Die Welt steht am Abgrund. Ein Szenario, das, wie wir hoffen, nie eintreten wird.

 

 

Das Schicksal der kleinen Lingyu

Lingyu saß wie jeden Abend mit ihren Eltern beim Essen, als plötzlich von draußen laute Geräusche zu ihnen drangen. Schwere, gepanzerte Lastwagen kamen in das kleine Fischerdorf und hielten auf dem Marktplatz. Soldaten sprangen heraus, verteilten sich überall und klopften an den Hütten. So auch bei Lingyu.
    »Wer ist das denn, Papa?«
    »Ich kann es dir nicht sagen.«
    Lingyus Vater stand auf und ging zur Tür. Es klopfte abermals, doch diesmal stärker. Als er die Tür schließlich öffnete, sah er in die Augen eines Soldaten, der mit einer Waffe in der Hand vor ihm stand.
    »Sind Sie Sheng Lu?«, fragte der Soldat mit ernster Stimme.

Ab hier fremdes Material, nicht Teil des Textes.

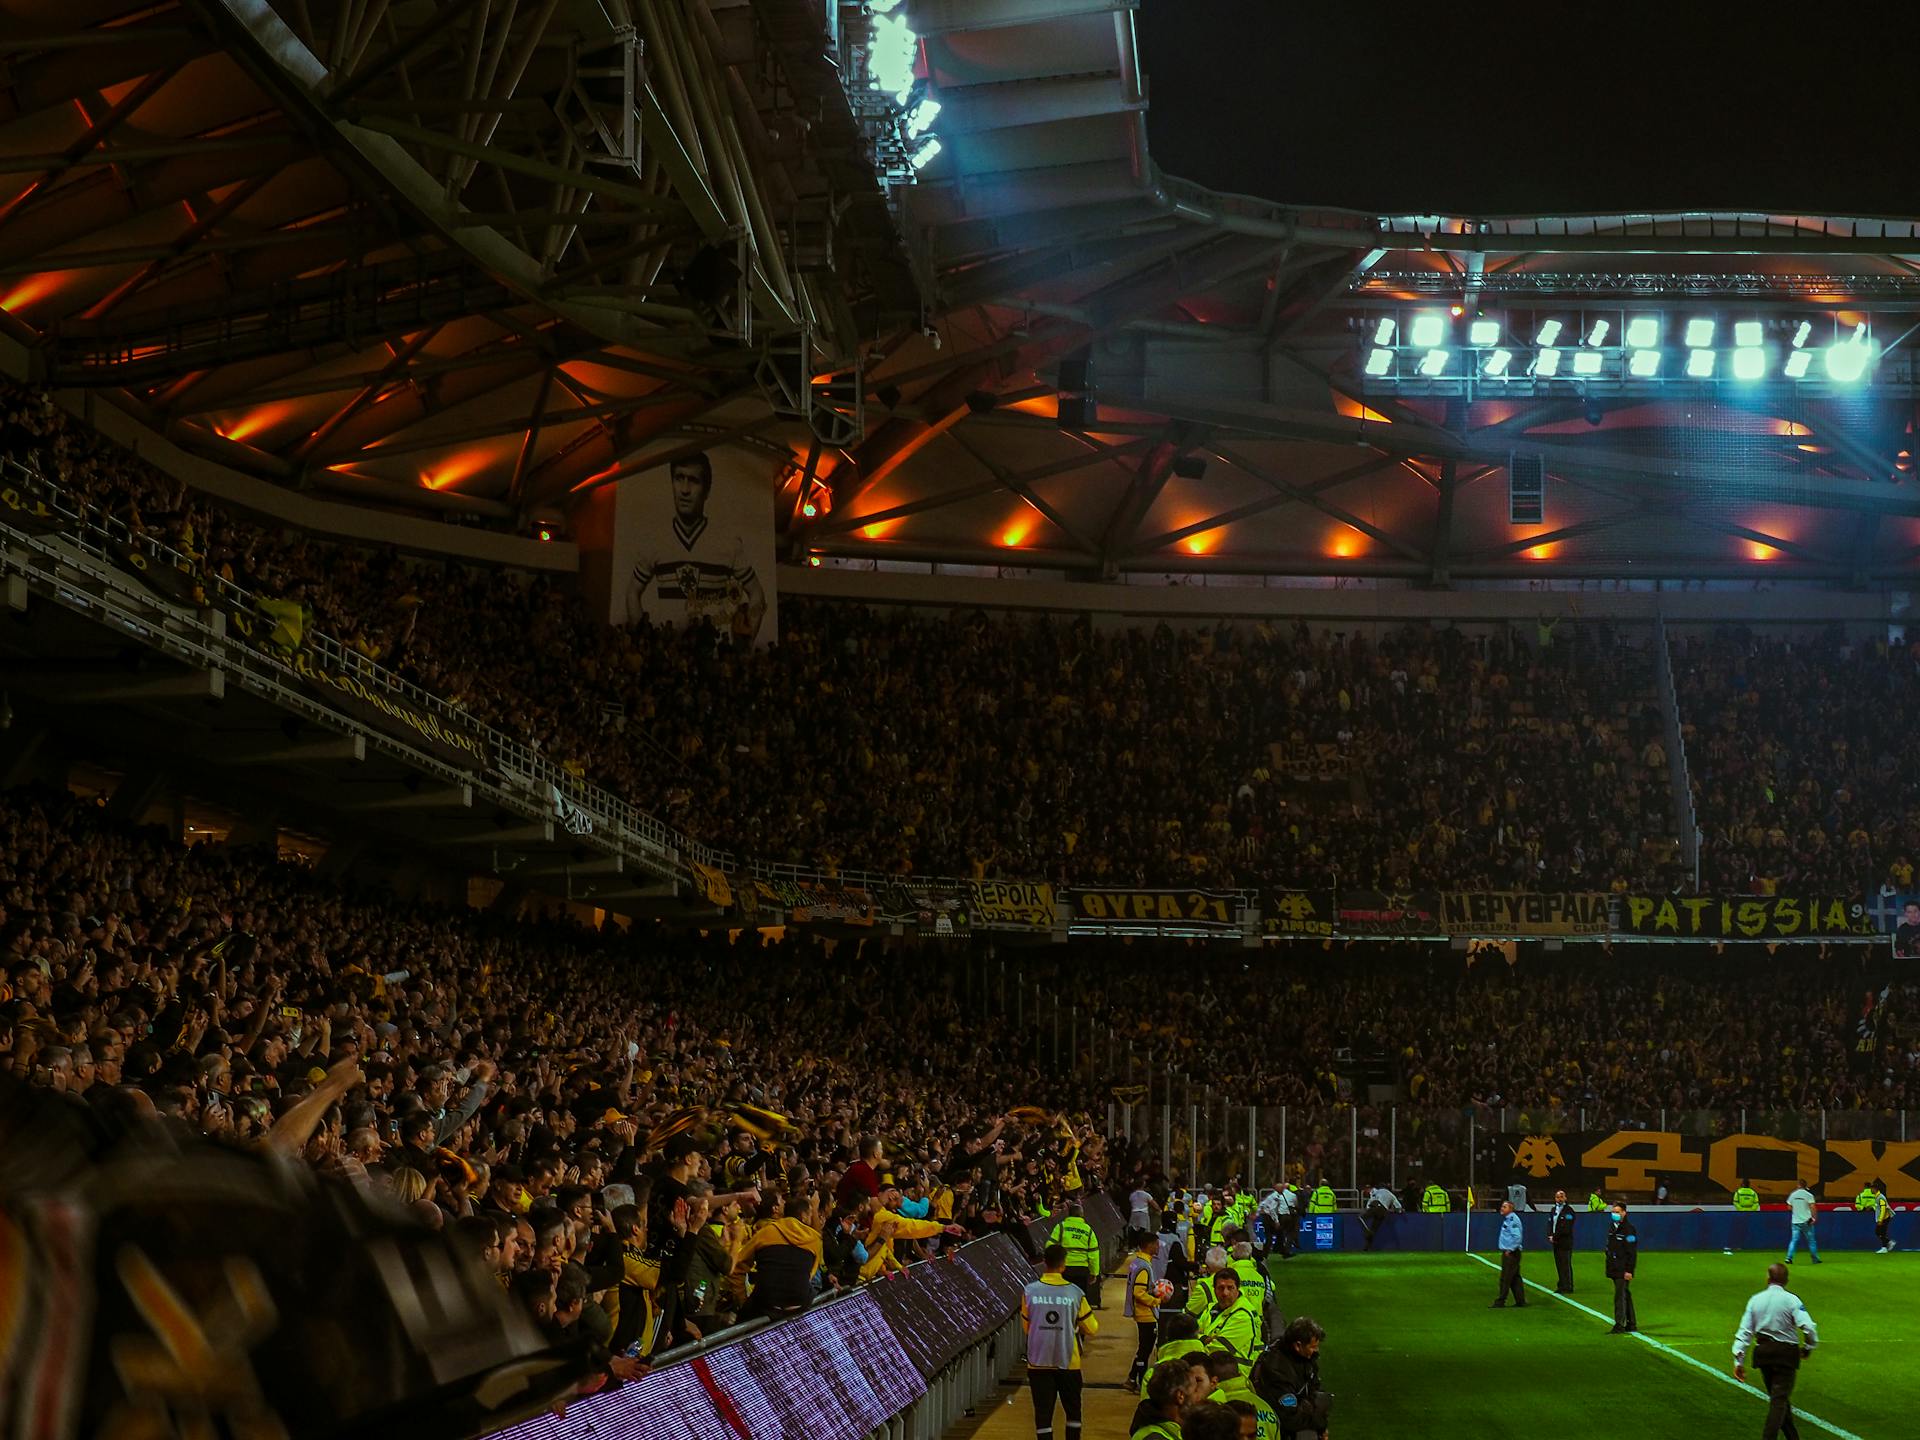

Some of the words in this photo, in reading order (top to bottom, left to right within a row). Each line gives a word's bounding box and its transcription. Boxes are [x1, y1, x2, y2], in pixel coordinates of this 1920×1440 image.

[1081, 893, 1183, 919] ΘΥΡΑ
[1187, 893, 1230, 923] 21
[1626, 895, 1851, 937] PATISSIA
[1032, 1295, 1054, 1305] BALL

    »Ja, der bin ich! Was wollen Sie von mir?«
    »Sie müssen jetzt mitkommen.«
   »Was ist der Grund, wenn ich fragen darf?«, wollte Sheng wissen, obwohl er es eigentlich schon ahnte. Bisher hatte er versucht die Nachrichten vor seiner Familie zu verheimlichen. Doch nun kam er um die Wahrheit nicht herum.
    »Wir befinden uns im Krieg. Alle waffenfähigen Männer werden umgehend eingezogen. Also kommen Sie jetzt mit.«
    »Lassen Sie mich bitte noch von meiner Frau und meiner Tochter verabschieden.«
    Sheng drehte sich um und ging auf seine Familie zu.

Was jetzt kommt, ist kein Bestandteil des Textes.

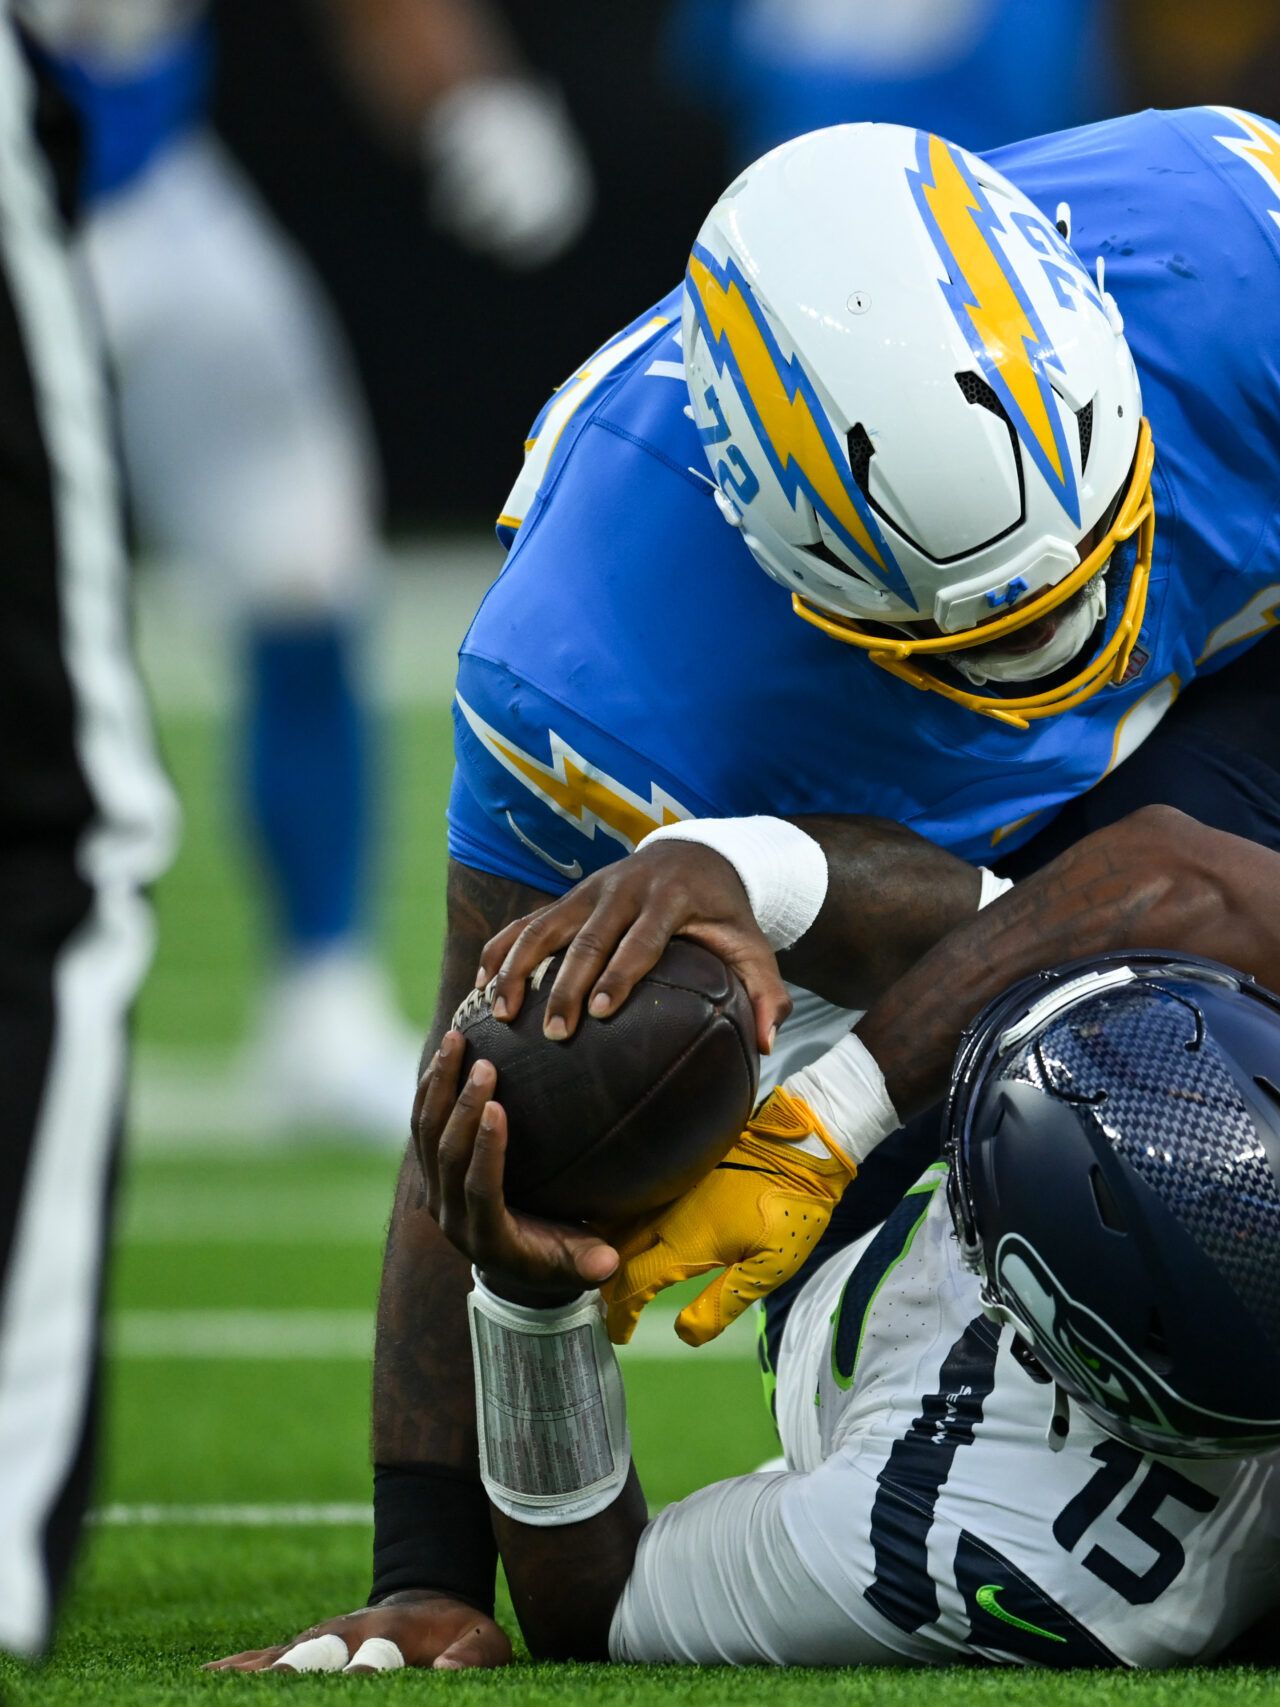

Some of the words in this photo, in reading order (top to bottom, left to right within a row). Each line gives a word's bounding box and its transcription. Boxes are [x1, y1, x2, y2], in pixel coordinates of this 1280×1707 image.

[698, 384, 760, 518] 72
[985, 576, 1029, 609] LA
[1052, 1437, 1220, 1606] 15

   »Lingyu ... Mei ... Ich hatte gehofft, dass es nicht so weit kommen würde. Wir haben Krieg und ich muss   unser Land verteidigen. Ich muss Euch verteidigen ...«
    »Aber Papa, wer macht so etwas?« Sheng kniete sich vor seine Tochter und streichelte ihr Haar.
   »Es sind ganz böse Menschen, die weit im Norden leben. Sie wollen alles hier zerstören, aber das werden wir nicht zulassen. Du musst mir eines versprechen. Egal was Mama von dir verlangt. Du wirst tun, was sie sagt! Hast du mich verstanden?«
    »Ja, Papa. Aber ...«
    »Kein aber!«
    Sheng schaute seiner Frau tief in die Augen und dann auf eine Klappe im Fußboden. Seine Frau verstand ihn sofort und nickte, ohne auch nur ein Wort zu verlieren. Sheng gab jedem noch einen Abschiedskuss und verschwand danach mit dem Soldaten in der Dunkelheit.

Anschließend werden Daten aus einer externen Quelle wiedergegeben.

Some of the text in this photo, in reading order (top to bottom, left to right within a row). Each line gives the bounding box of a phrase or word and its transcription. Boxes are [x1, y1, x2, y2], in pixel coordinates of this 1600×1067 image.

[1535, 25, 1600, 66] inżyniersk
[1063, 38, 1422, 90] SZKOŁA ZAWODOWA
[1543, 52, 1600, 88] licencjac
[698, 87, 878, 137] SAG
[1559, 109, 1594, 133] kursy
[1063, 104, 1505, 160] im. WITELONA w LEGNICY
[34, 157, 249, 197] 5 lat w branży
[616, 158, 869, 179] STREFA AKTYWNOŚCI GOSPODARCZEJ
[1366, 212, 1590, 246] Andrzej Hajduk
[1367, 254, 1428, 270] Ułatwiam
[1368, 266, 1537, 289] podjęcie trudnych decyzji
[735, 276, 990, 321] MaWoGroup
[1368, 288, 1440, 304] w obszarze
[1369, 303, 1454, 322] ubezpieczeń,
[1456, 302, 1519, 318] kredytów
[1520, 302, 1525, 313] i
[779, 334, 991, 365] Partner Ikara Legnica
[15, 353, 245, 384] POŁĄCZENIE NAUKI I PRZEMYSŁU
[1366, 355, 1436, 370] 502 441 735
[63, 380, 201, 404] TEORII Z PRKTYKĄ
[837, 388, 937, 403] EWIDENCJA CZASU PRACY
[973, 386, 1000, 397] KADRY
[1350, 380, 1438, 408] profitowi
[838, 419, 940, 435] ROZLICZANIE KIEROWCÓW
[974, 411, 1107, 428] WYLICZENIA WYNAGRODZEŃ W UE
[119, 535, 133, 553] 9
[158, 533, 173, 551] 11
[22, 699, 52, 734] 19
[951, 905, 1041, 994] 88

    »Kommt Papa wieder nach Hause?«, fragte Lingyu ihre Mutter.
    »Ganz bestimmt, mein kleiner Engel, ganz bestimmt ...«
   Doch ein Gefühl in ihrem Inneren sagte etwas anderes und das machte ihr Angst. Jeder in dem kleinen Fischerdorf versuchte den Alltag so gut es ging zu meistern. Immer wieder kamen Nachrichten von schweren Kämpfen an der nördlichen Grenze. Es gab auf beiden Seiten große Verluste. Mei hatte schon länger nichts von ihrem Mann gehört. Sie redete sich dabei ein, dass es ein gutes Zeichen war und alles wäre in Ordnung. Mei hatte Angst vor der Wahrheit. Angst davor ihrer kleinen Tochter sagen zu müssen, dass ihr Vater gefallen war. Jede Nacht betete sie und hoffte alles würde wieder so wie früher werden. Doch täglich kamen schlimmere Meldungen aus dem Kriegsgebiet. An einem Sonntagnachmittag, als Lingyu im Garten mit ihren Puppen spielte, hing ihre Mutter Mei Wäsche auf. In der Ferne erklang ein Donnern. Mei schaute instinktiv in den Himmel und erkannte sofort, wie riesige Rauchschwaden sich auf sie zu bewegten. Ihr war klar, was dies zu bedeuten hatte. Raketen … Ihre Wäsche fiel zu Boden und sie rannte zu ihrer kleinen Tochter.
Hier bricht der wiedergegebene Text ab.